Good luck with that one...


----------



## gcs (Mar 4, 2012)

Instead of signing up in the hunter class, sign up in the novice class. Don't the novice shoot from the blue stake which is closer to the target most of the time?


----------



## tomski007 (Mar 4, 2012)

In the NG circuit seniors also shoot the white stake. The yardage on the stakes is approximate not measured. Is 50 approximately 45?


----------



## Dingo26 (Mar 4, 2012)

*new 3d stake*

In N. Ga. all above Hunter shoot the white stake, pro novice and down have different stakes, now with that said how do you get better at this 3D game.   You shoot from the big boys stake and learn to judge yardage, shoot the equipement better and watch the scores go up.   That is the problem with me, I judge yardage fairley well, just came to the conclusion I JUST CAN'T SHOOT worth a @@$$##.    But I don't care where they put the target or stake as long as everyone in the class shoots the same stake so be it.
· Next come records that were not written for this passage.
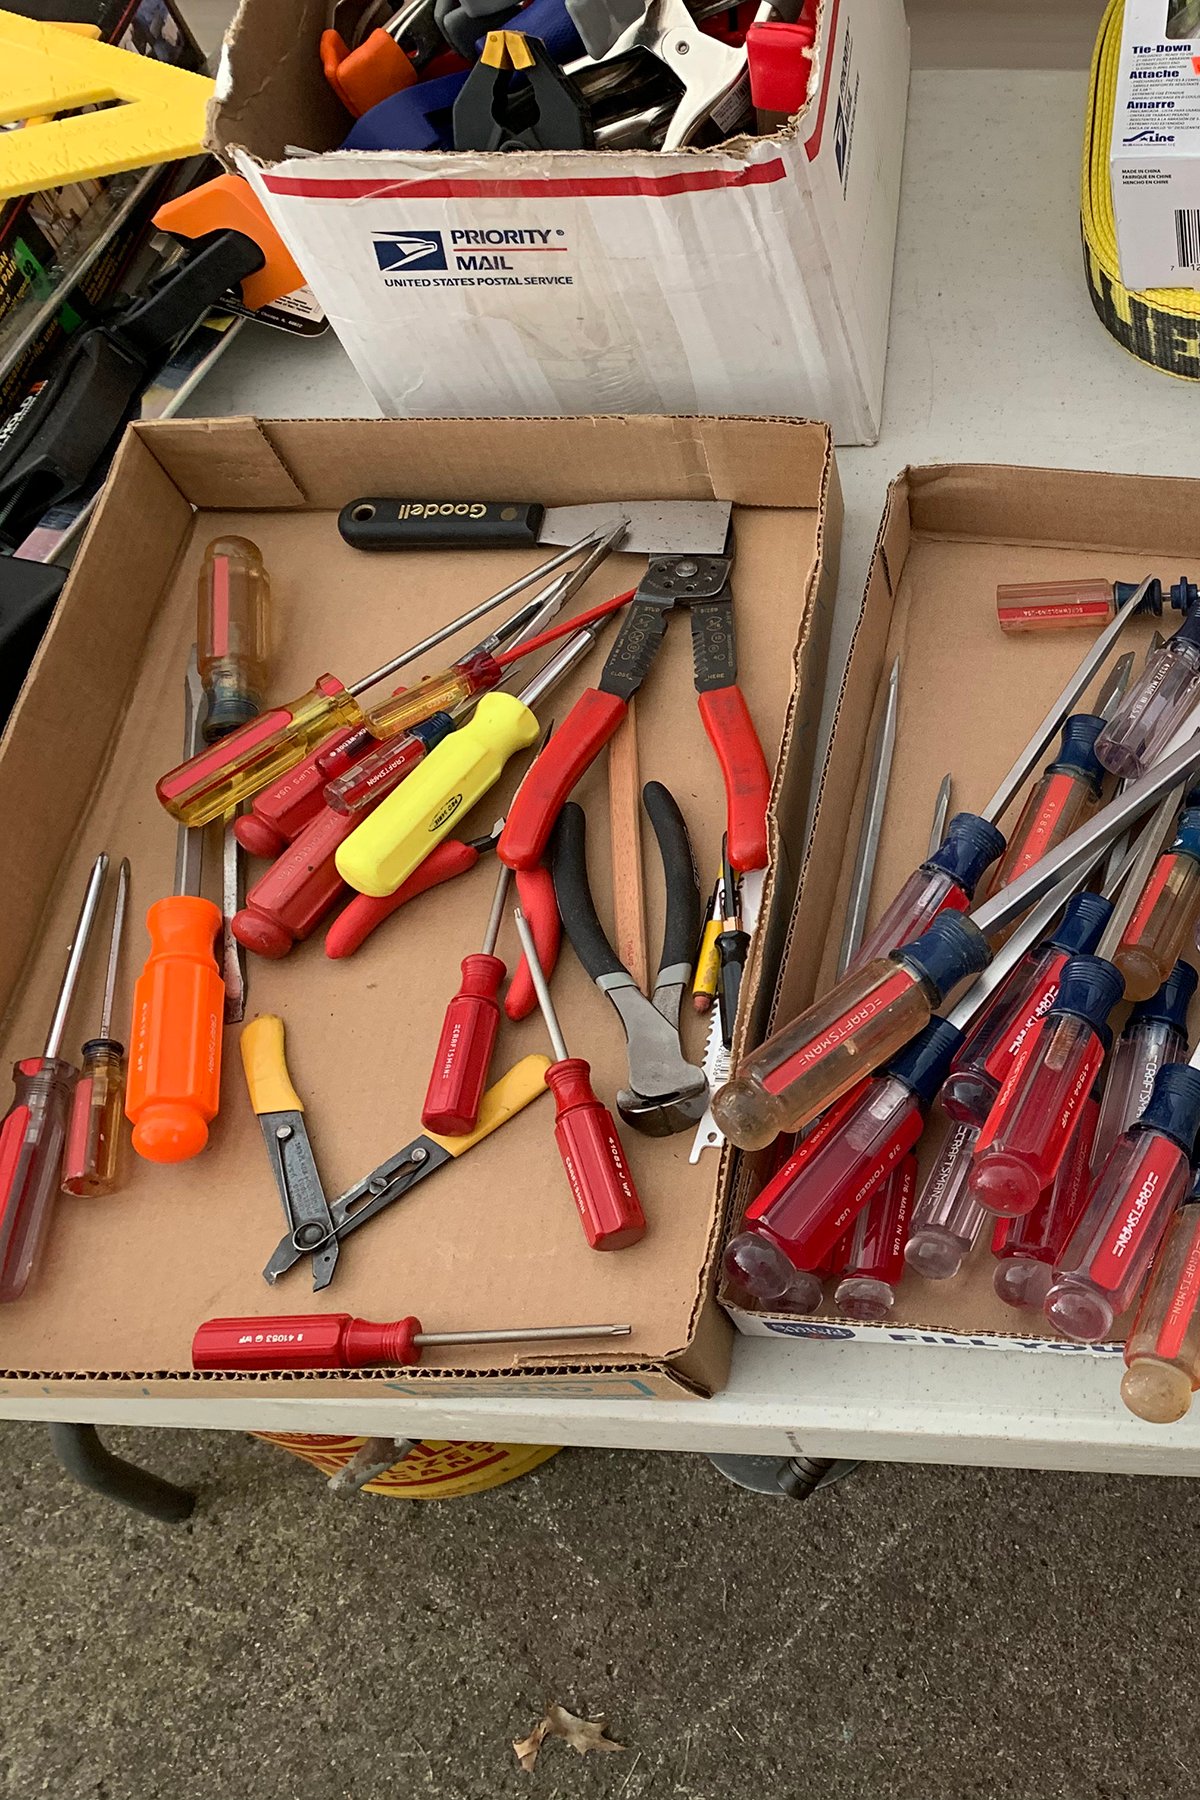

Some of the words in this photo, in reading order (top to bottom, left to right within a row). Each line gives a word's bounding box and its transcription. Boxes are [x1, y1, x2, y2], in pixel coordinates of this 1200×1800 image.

[1132, 44, 1191, 54] Tie-Down
[1129, 70, 1180, 79] Attache
[1126, 101, 1175, 109] Amarre
[451, 229, 551, 244] PRIORITY
[456, 256, 513, 270] MAIL
[384, 279, 431, 287] UNITED
[433, 278, 475, 286] STATES
[477, 277, 523, 285] POSTAL
[524, 276, 574, 285] SERVICE
[397, 503, 487, 520] Goodell
[367, 755, 406, 787] CRAFTSMAN
[275, 786, 291, 800] USA
[803, 998, 878, 1063] CRAFTSMAN
[207, 1013, 217, 1074] CRAFTSMAN
[443, 1025, 461, 1077] CRAFTSMAN
[1061, 1110, 1071, 1129] WF
[933, 1128, 966, 1203] CRAFTSMAN
[565, 1156, 586, 1214] CRAFTSMAN
[835, 1208, 850, 1227] USA
[897, 1195, 907, 1222] MADE
[1117, 1176, 1156, 1253] CRAFTSMAN
[896, 1223, 903, 1235] IN
[892, 1236, 900, 1257] USA
[1172, 1244, 1200, 1320] CRAFTSMAN
[266, 1334, 294, 1343] 41053
[889, 1334, 998, 1347] FILL
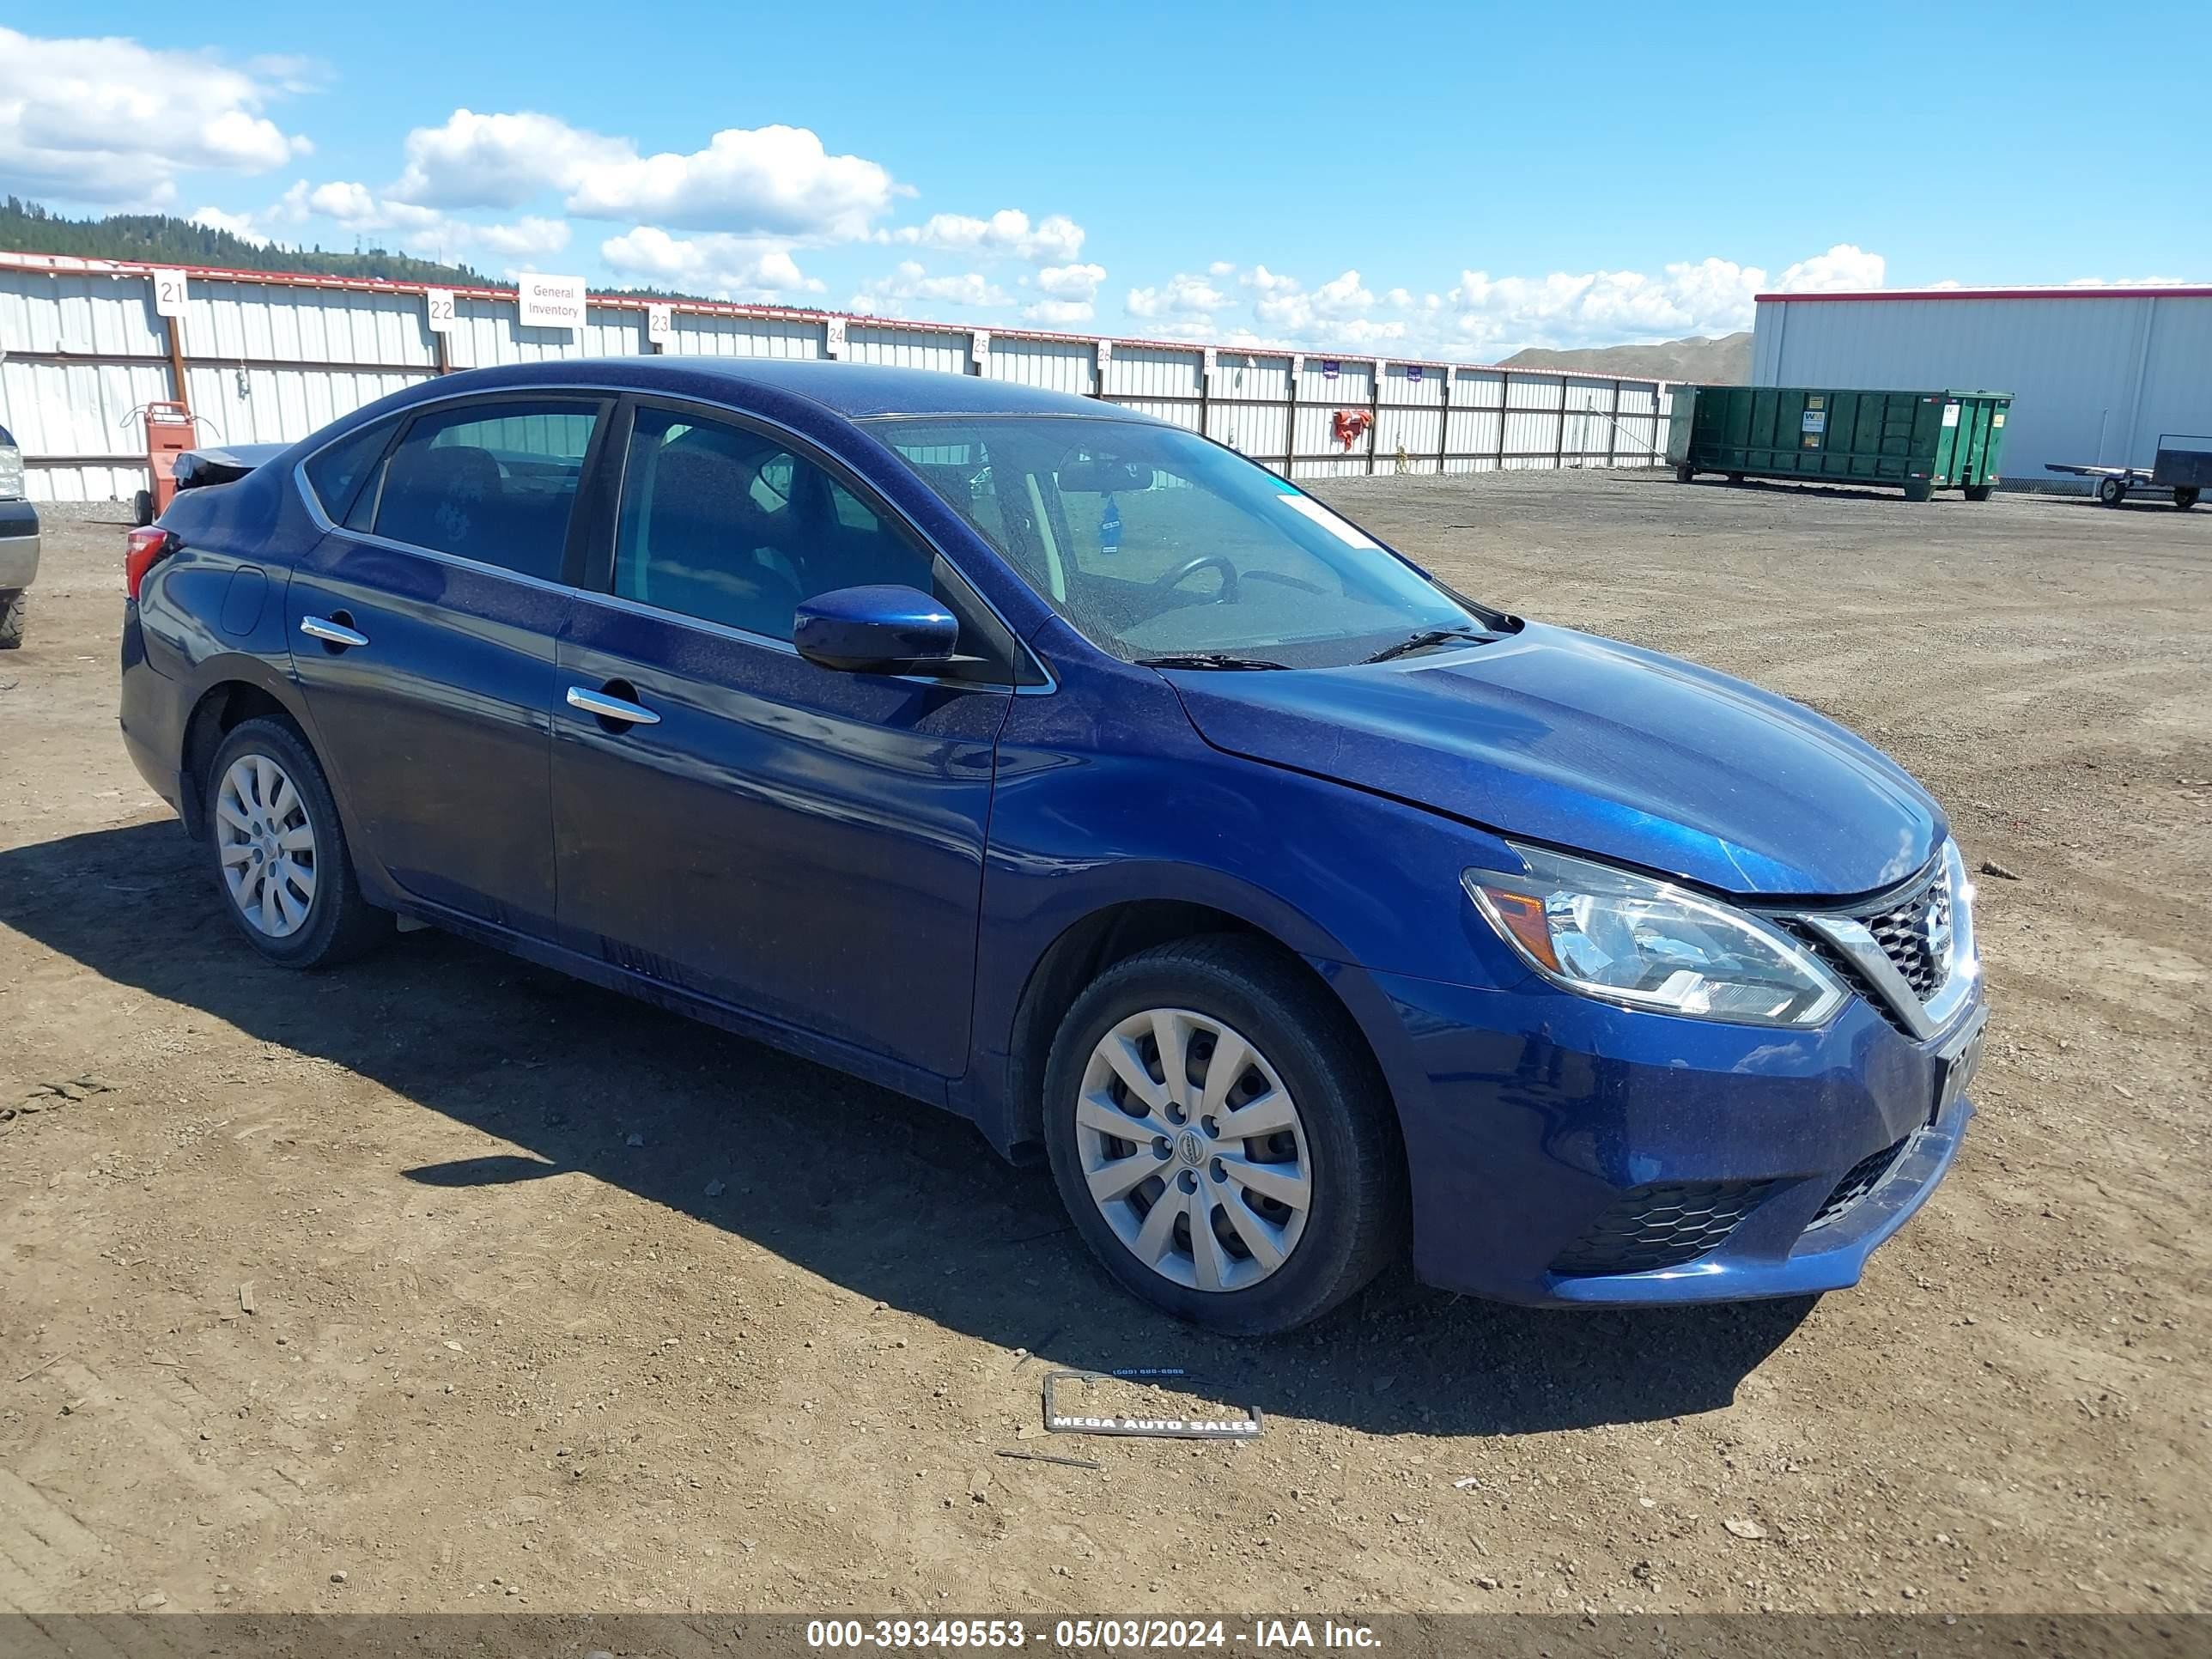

As far as max yardage, would be nice to know that they set some at the pro 50 yard max but with N GA we have come to except it.....I enjoy shooting and work hard at getting better so if I have to judge at 50 rather than 40 max OK with me...... just my 2 cents..


----------



## Buckin07 (Mar 4, 2012)

Come down to the west side we shoot a red stake. But shoot what u have to to get better.


----------



## Buckin07 (Mar 4, 2012)

I don't know about a new stake but I would like a class that is Fourty yards max one fixed pin no speed limit then u find out who ur shooters are


----------



## GaBuckSlammer (Mar 4, 2012)

I agree with Dingo when he says the only way to get better is to shoot from the boondocks. I also like to shoot with Open guys as well as fixed pin guys even though I shoot Hunter class in ASA with a 40 yard max. N Ga circuit is tough on ASA guys in a fixed pin class in my opinion. The single sliders have a huge advantage with a sight tape that goes from 0 to 90 or whatever. I don't mind a target being 2-3 yards over max but more than that its tough. Yardage judging is usually my strong point. Its the shot execution where I falter at times. That being said, I love to shoot and most likely will shoot anywhere at some time or another.


----------



## wolfiedawg (Mar 4, 2012)

*keeping it real!!!*

I found out I need to shoot more or shoot for fun.I set the course and didn't range first target until after I shot - had 3 at 48 the rest on the money or shorter.Shot 169/1-12.Found out who had been practicing and who hadn't!!! By the score's turned in.But had a GREAT DAY of fellowship,it is good to see everybody and to be in the LORD'S presence.HE is GOOD!!!


----------



## Anonymoushaha12 (Mar 4, 2012)

I guess no body can do anything right anymore... OR to make ANYBODY happy...


----------



## p&y finally (Mar 4, 2012)

Buckin07 said:


> I don't know about a new stake but I would like a class that is Fourty yards max one fixed pin no speed limit then u find out who ur shooters are


----------



## oldgeez (Mar 4, 2012)

no super senior class in nga; ergo, no oldsters shoot the red stake.  we get a break at the state championship, and do shoot asa rules, and we get to have fun from the red stake.  so every week we're rainbowing them in there from the big boys white stake.  i know where you're coming from though with the longer shots.  the really good guys will shoot well, regardless of the distance.  the soso shooters, that don't practice much, get slaughtered.  so i have to practice more, lol!!


----------



## Buckin07 (Mar 5, 2012)

Anonymoushaha12 said:


> I guess no body can do anything right anymore... OR to make ANYBODY happy...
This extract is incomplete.